**WHAT IS EXPECTED**
Extract the text of every entry below exactly; leave images out.

**Dataset entries**
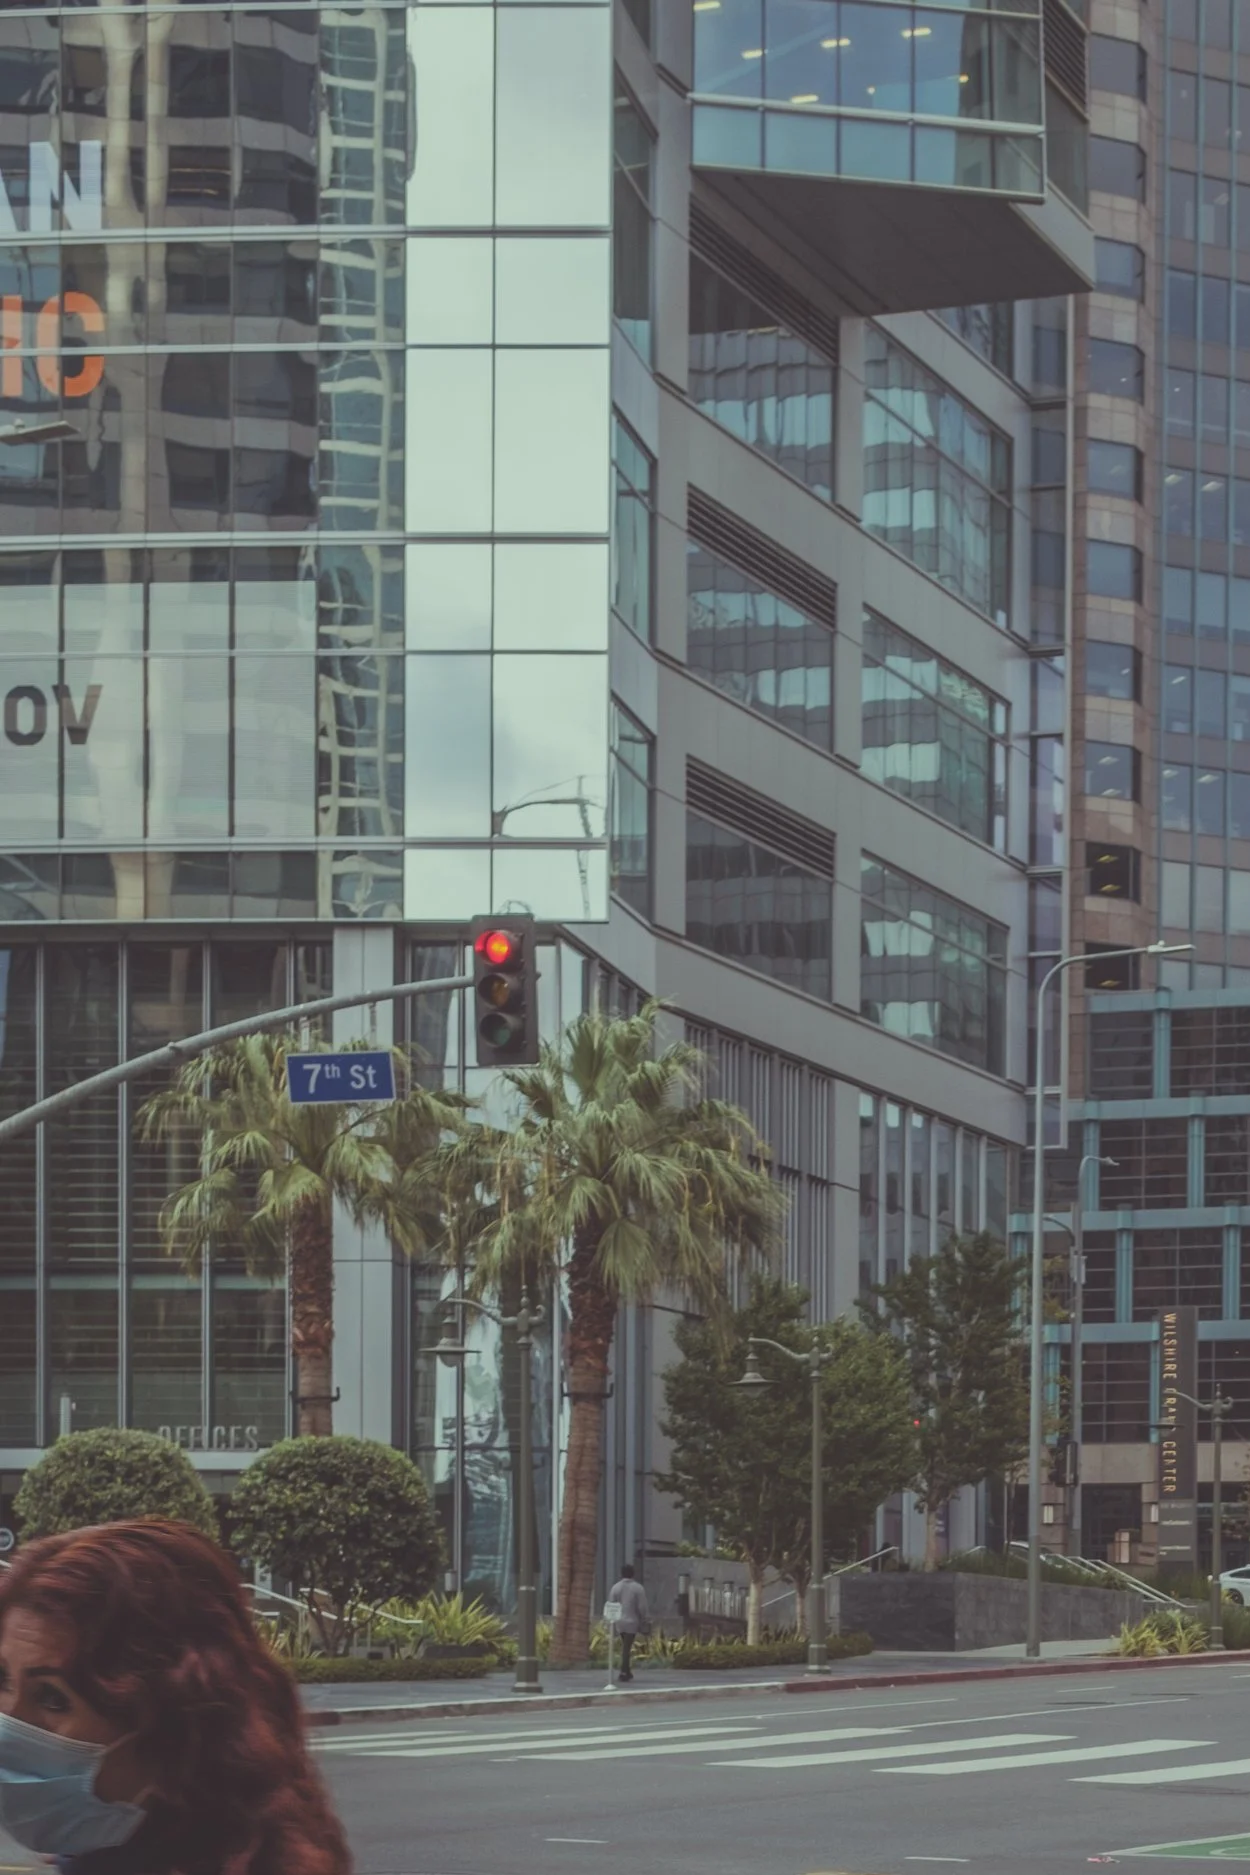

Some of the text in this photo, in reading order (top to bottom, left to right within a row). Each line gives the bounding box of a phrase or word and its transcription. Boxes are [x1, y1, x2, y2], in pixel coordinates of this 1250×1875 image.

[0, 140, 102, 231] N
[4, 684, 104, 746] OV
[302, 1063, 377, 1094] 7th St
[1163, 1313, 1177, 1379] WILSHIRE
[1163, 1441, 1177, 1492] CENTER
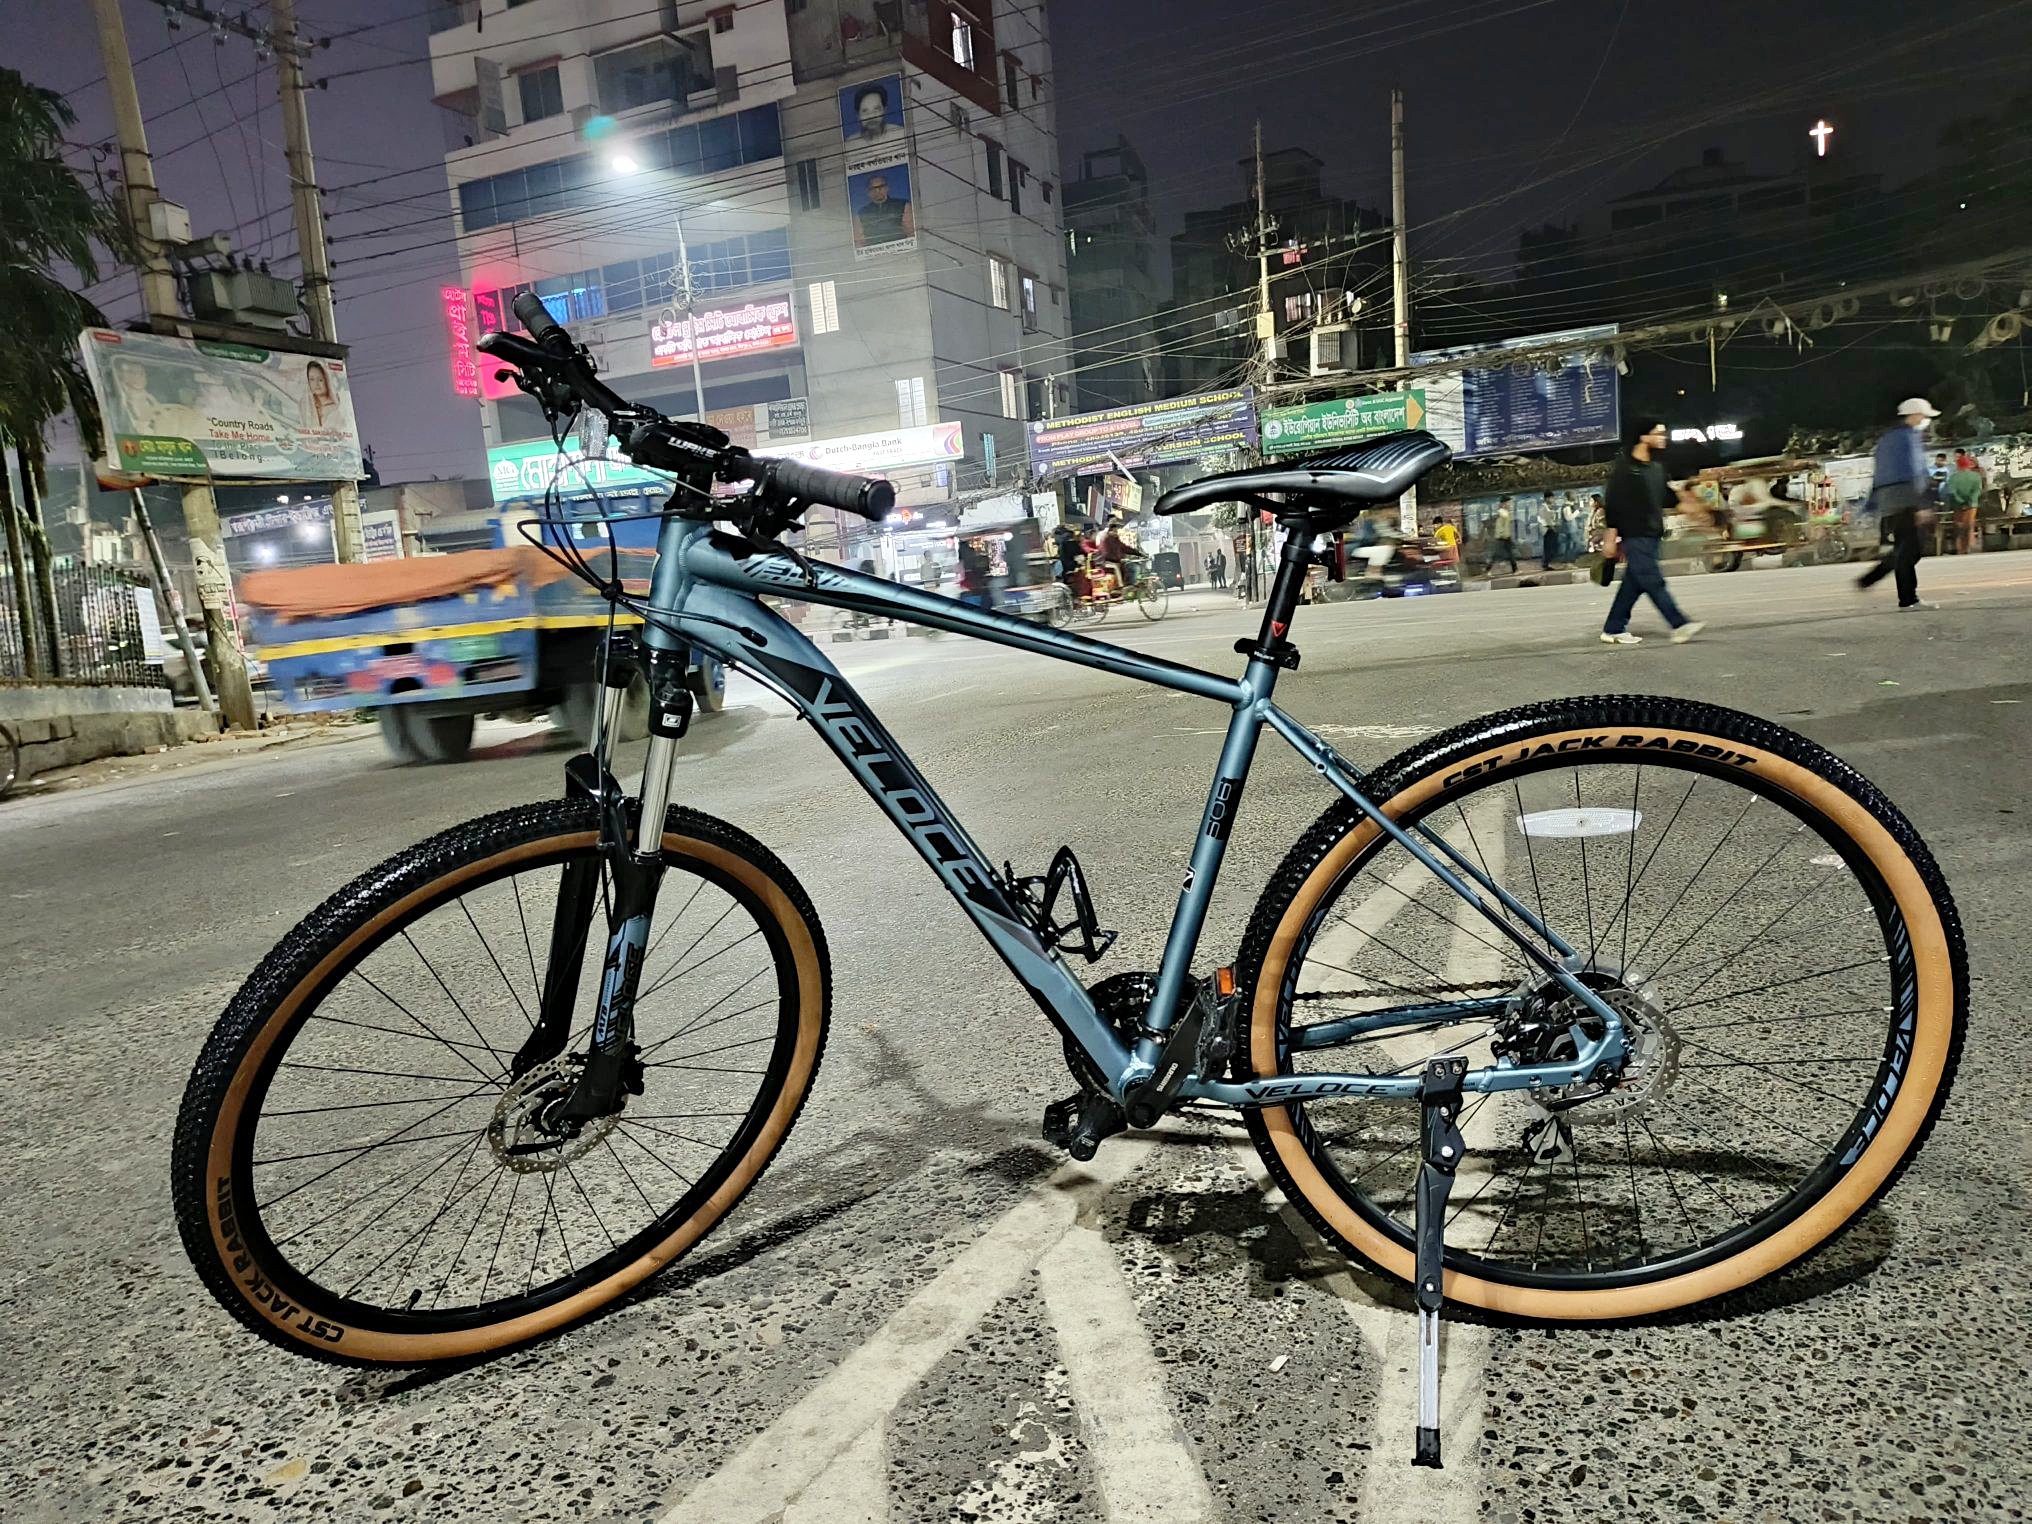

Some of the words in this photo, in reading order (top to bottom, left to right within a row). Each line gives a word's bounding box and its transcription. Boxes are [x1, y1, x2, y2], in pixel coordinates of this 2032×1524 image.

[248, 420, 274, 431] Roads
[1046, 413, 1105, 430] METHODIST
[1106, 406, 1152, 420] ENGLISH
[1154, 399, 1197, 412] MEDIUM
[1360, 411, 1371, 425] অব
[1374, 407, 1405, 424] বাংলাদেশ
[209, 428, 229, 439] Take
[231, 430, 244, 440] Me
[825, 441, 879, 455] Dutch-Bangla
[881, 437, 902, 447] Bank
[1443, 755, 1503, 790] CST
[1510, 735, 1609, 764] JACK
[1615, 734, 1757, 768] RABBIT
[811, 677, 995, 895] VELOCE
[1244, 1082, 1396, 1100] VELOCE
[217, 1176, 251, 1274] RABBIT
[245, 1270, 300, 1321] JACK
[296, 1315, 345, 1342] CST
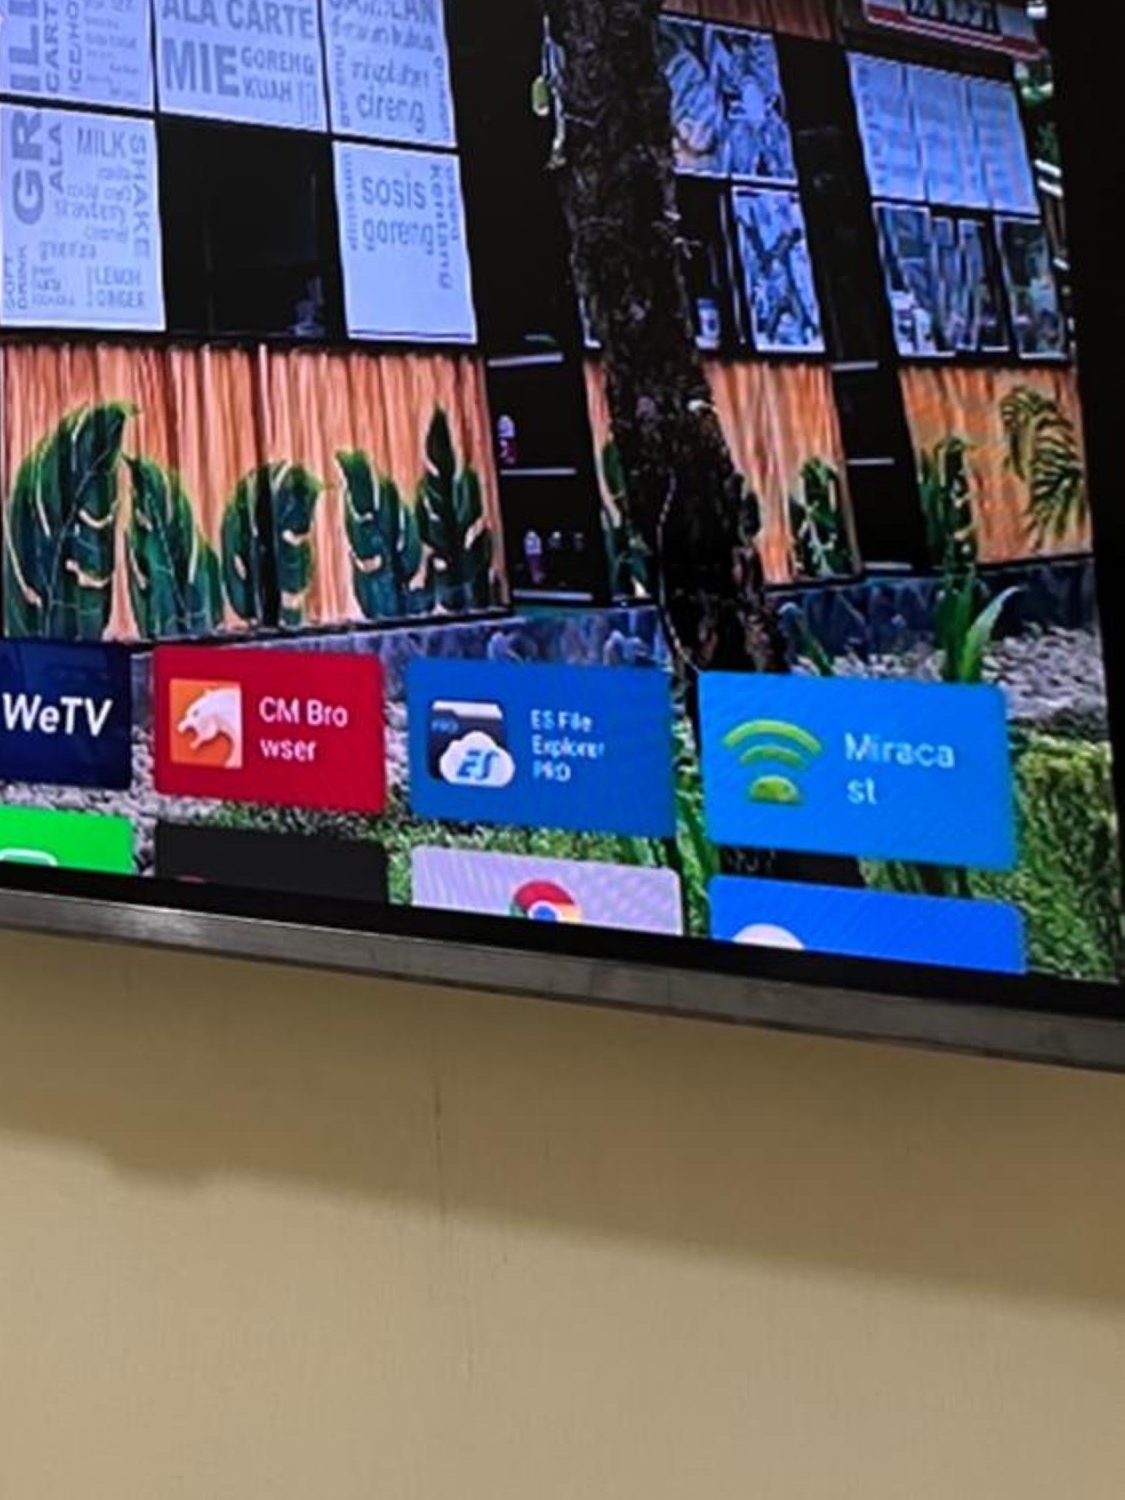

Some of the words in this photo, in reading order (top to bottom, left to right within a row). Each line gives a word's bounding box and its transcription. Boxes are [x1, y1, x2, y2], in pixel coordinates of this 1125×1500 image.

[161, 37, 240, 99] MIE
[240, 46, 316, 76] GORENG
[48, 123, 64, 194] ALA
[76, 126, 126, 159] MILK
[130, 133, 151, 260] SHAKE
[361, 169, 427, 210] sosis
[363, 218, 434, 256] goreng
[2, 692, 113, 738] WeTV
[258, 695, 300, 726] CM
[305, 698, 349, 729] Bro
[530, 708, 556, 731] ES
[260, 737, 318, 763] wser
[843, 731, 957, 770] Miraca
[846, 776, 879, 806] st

**YOUR SOLUTION**
Some of the text in this photo, in reading order (top to bottom, left to right within a row). Each line gives the bounding box of a phrase or word and its transcription. Boxes are [x1, y1, x2, y2], in pixel coordinates of this 1250×1875 image.

[0, 140, 102, 231] N
[4, 684, 104, 746] OV
[302, 1063, 377, 1094] 7th St
[1163, 1313, 1177, 1379] WILSHIRE
[1163, 1441, 1177, 1492] CENTER

Some of the words in this photo, in reading order (top to bottom, left to right within a row). Each line gives a word's bounding box and its transcription. Boxes are [x1, y1, x2, y2], in pixel coordinates of this 2032×1524 image.

[248, 420, 274, 431] Roads
[1046, 413, 1105, 430] METHODIST
[1106, 406, 1152, 420] ENGLISH
[1154, 399, 1197, 412] MEDIUM
[1360, 411, 1371, 425] অব
[1374, 407, 1405, 424] বাংলাদেশ
[209, 428, 229, 439] Take
[231, 430, 244, 440] Me
[825, 441, 879, 455] Dutch-Bangla
[881, 437, 902, 447] Bank
[1443, 755, 1503, 790] CST
[1510, 735, 1609, 764] JACK
[1615, 734, 1757, 768] RABBIT
[811, 677, 995, 895] VELOCE
[1244, 1082, 1396, 1100] VELOCE
[217, 1176, 251, 1274] RABBIT
[245, 1270, 300, 1321] JACK
[296, 1315, 345, 1342] CST

Some of the words in this photo, in reading order (top to bottom, left to right within a row). Each line gives a word's bounding box and its transcription. Boxes are [x1, y1, x2, y2], in pixel coordinates of this 1125×1500 image.

[161, 37, 240, 99] MIE
[240, 46, 316, 76] GORENG
[48, 123, 64, 194] ALA
[76, 126, 126, 159] MILK
[130, 133, 151, 260] SHAKE
[361, 169, 427, 210] sosis
[363, 218, 434, 256] goreng
[2, 692, 113, 738] WeTV
[258, 695, 300, 726] CM
[305, 698, 349, 729] Bro
[530, 708, 556, 731] ES
[260, 737, 318, 763] wser
[843, 731, 957, 770] Miraca
[846, 776, 879, 806] st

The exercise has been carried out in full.